A few decades back, “rock rails” were designated to the hardcore rock crawlers; few others messed with them. But modern extensive and expensive bodywork has meant a corresponding increase in the need to stick some metal between the front and rear tires, and the rising weight of vehicles has in turn also meant a need for something deliberately designed to slide over rocks rather than get hung up on them (as bodywork tends to do).
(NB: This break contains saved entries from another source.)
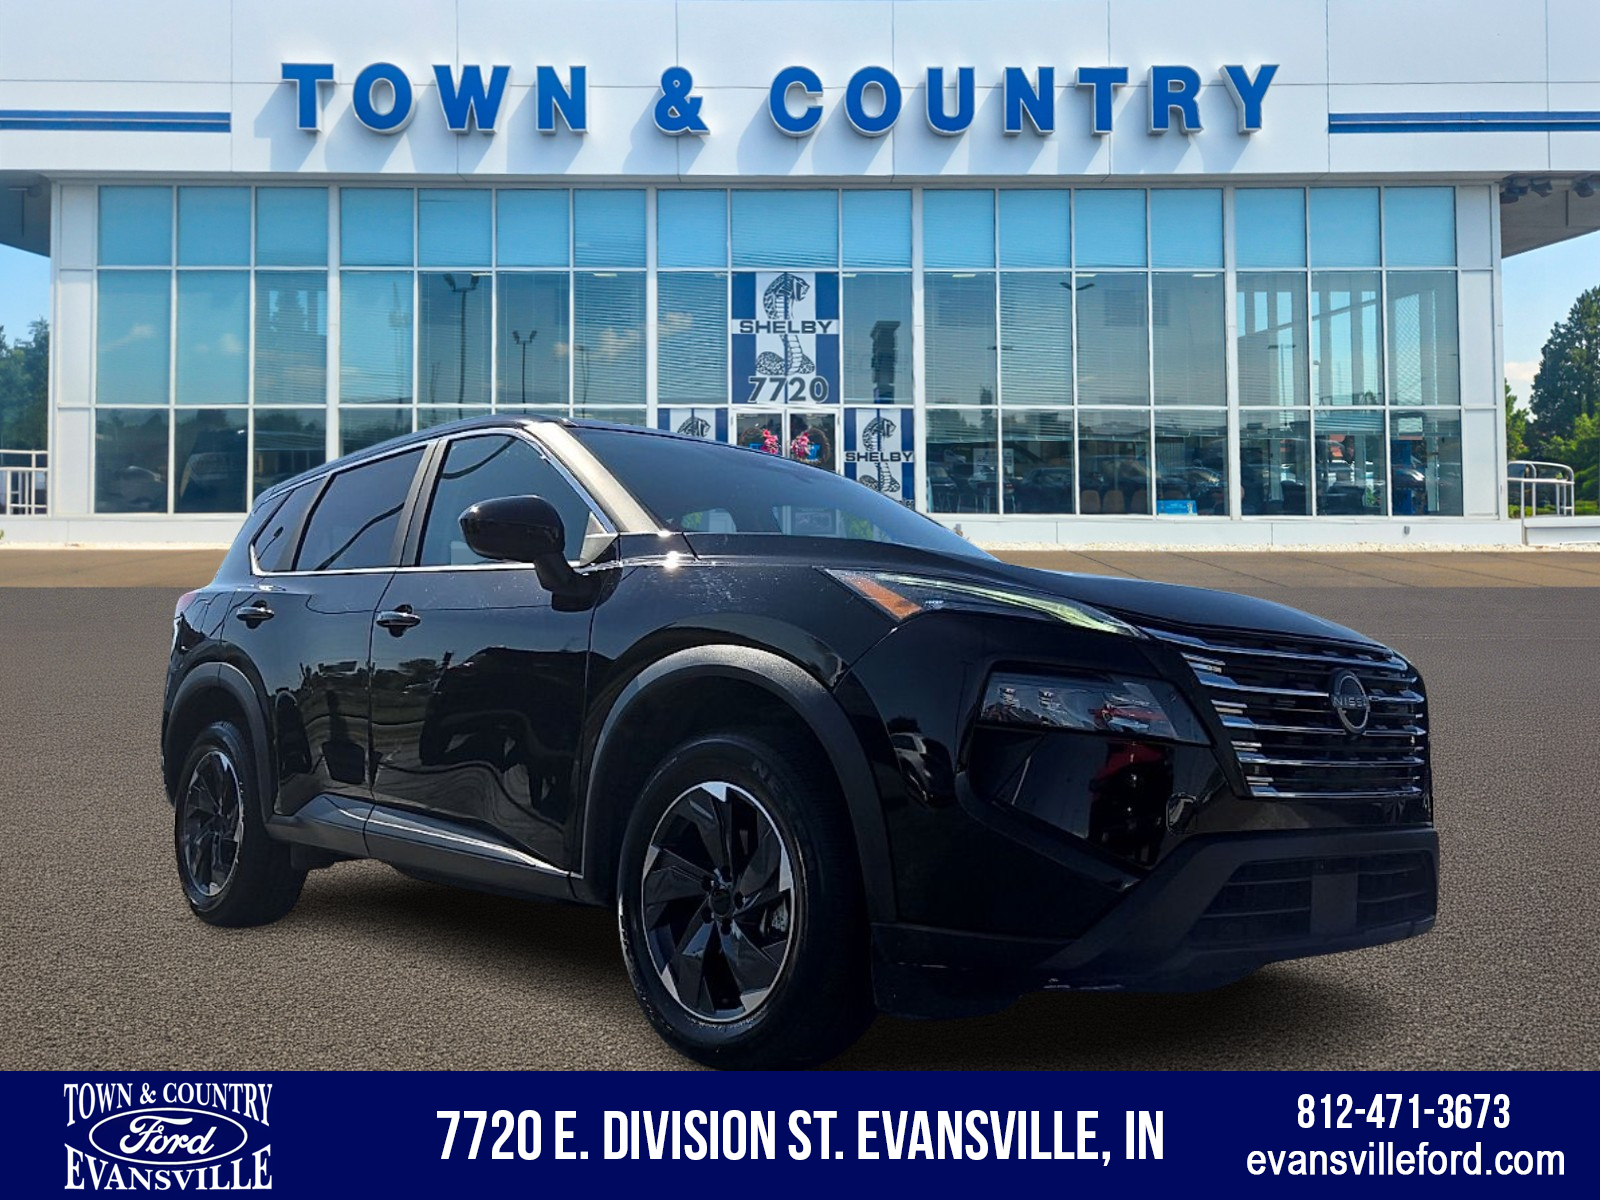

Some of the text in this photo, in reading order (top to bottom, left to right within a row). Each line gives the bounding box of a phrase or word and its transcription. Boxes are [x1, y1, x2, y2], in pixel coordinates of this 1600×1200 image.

[281, 62, 1280, 137] TOWN & COUNTRY
[739, 320, 833, 335] SHELBY
[748, 376, 829, 403] 7720
[845, 451, 914, 463] SHELBY
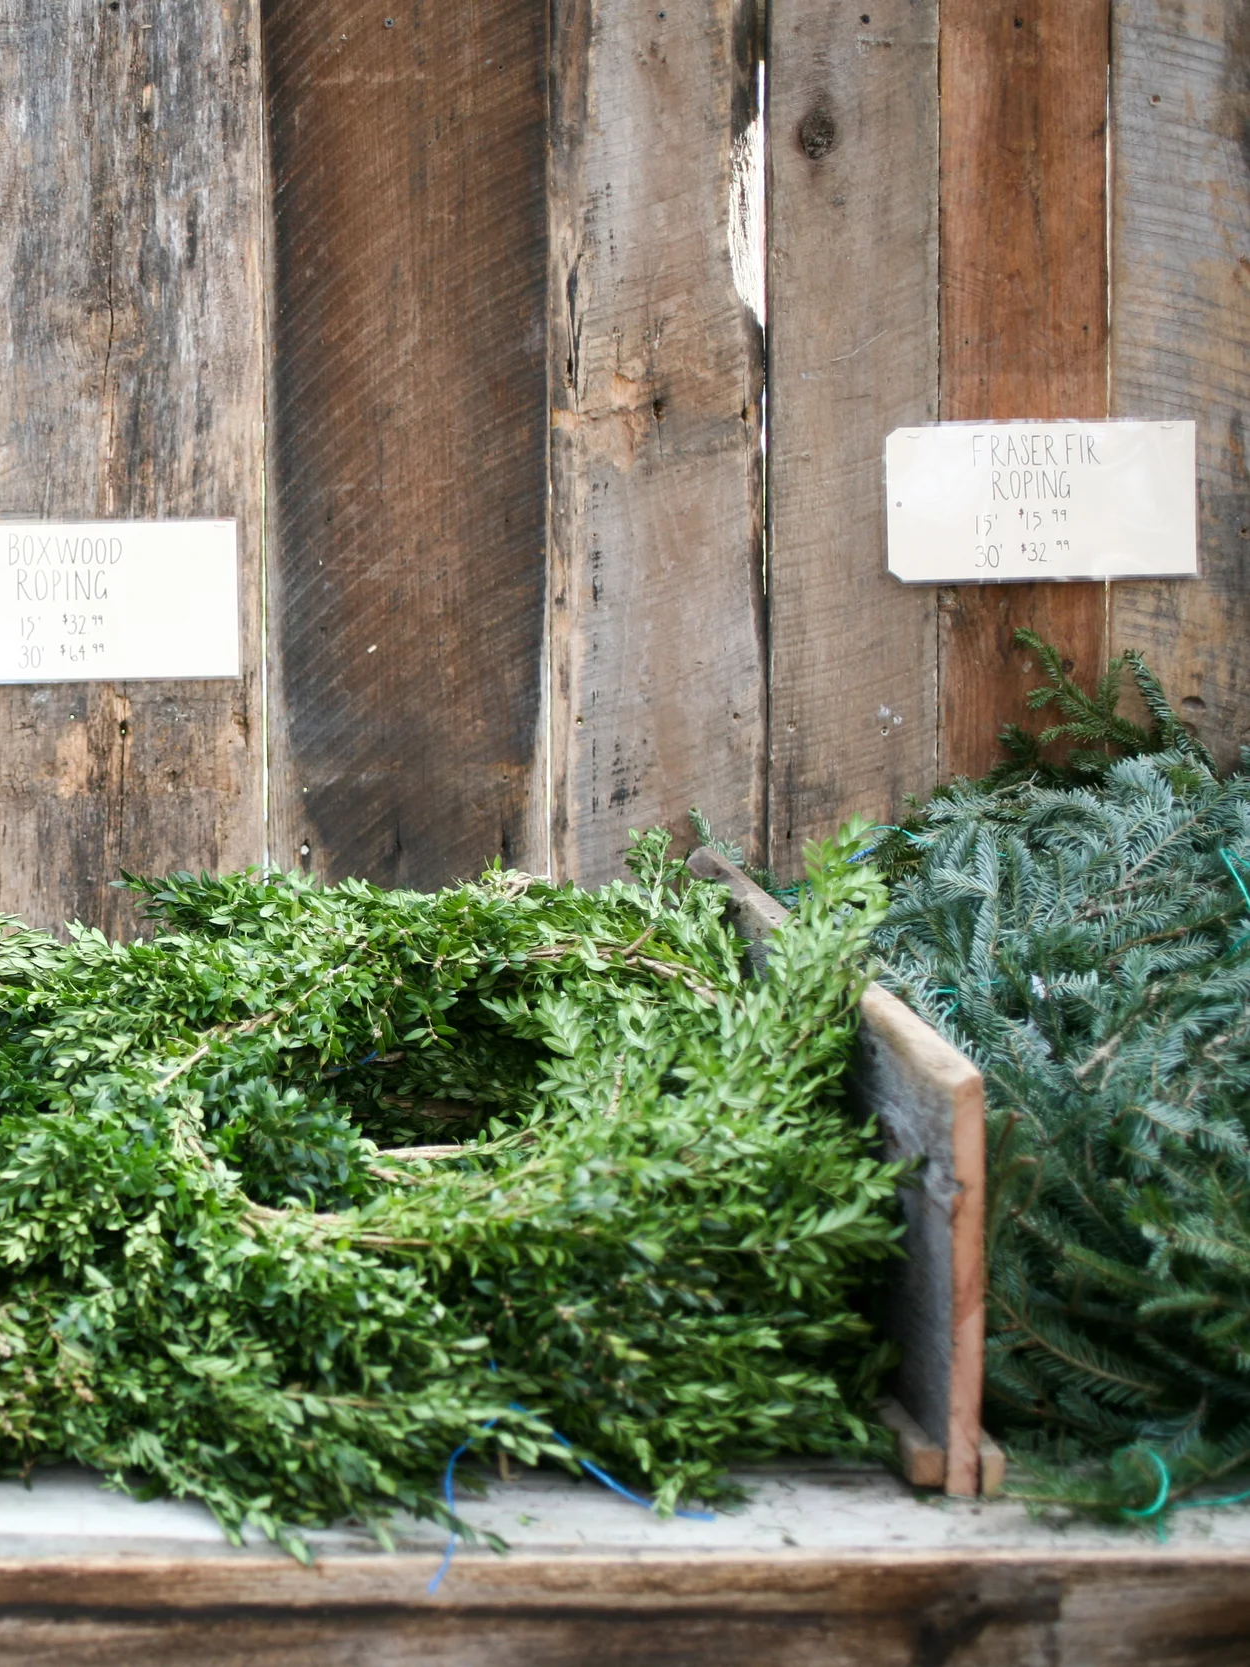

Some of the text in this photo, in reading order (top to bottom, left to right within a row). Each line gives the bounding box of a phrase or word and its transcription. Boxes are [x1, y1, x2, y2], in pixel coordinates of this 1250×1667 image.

My Lexus has a mild Ironman 4×4 lift kit and stands on 285/70/17 Toyo Open Country A/T III tires. It isn’t a marvel of ground clearance, so adding the White Knuckle sliders is all that more important to keeping the truck in undamaged, unharmed running order. Rock sliders are the tool for the job; the big metal tubes span nearly the length of the wheelbase and exist to help the vehicle pivot on, over, or around obstacles like rocks and tree stumps. Rock sliders can also serve as a hi-lift jack point should you need to change a tire or do a trail-side repair, and, at least in the case of those seen here, can be used as a step for getting into the truck.

Beefing up the GX

White Knuckle Off Road Products’ products are extremely heavy-duty (they weigh in the realm of 60 pounds each) and are constructed of a .120” DOM x 1-¾” outer rub rail, 3/16″ thick x 2″ x 3″ rectangular tube main rub rail, and 3/16″ thick x 1-1/2″ square tube legs. The mounting plates are ⅜” thick, and the gussets are ¼” thick. These things are meaty. There’s the option for bare metal or black powder coating as well as the choice of an 11-degree upward angled kick-out or totally flat out away from the vehicle. The set shown here is powder coated and features the “straight away from the body” kick-out as well as the tread plating that allows it to better serve as a step. Worthy of note is that White Knuckle Off Road Products’ rock sliders designed for the 2010-2022 Lexus GX460 also work on the 5th-gen 2010-2022 Toyota 4Runner since they share a platform.

Mounting the rock sliders is by way of huge u-bolts, which allow the job to be done without welding. This makes for a product that can be installed without special tools, which is a huge point for those doing the job in their driveway like I did.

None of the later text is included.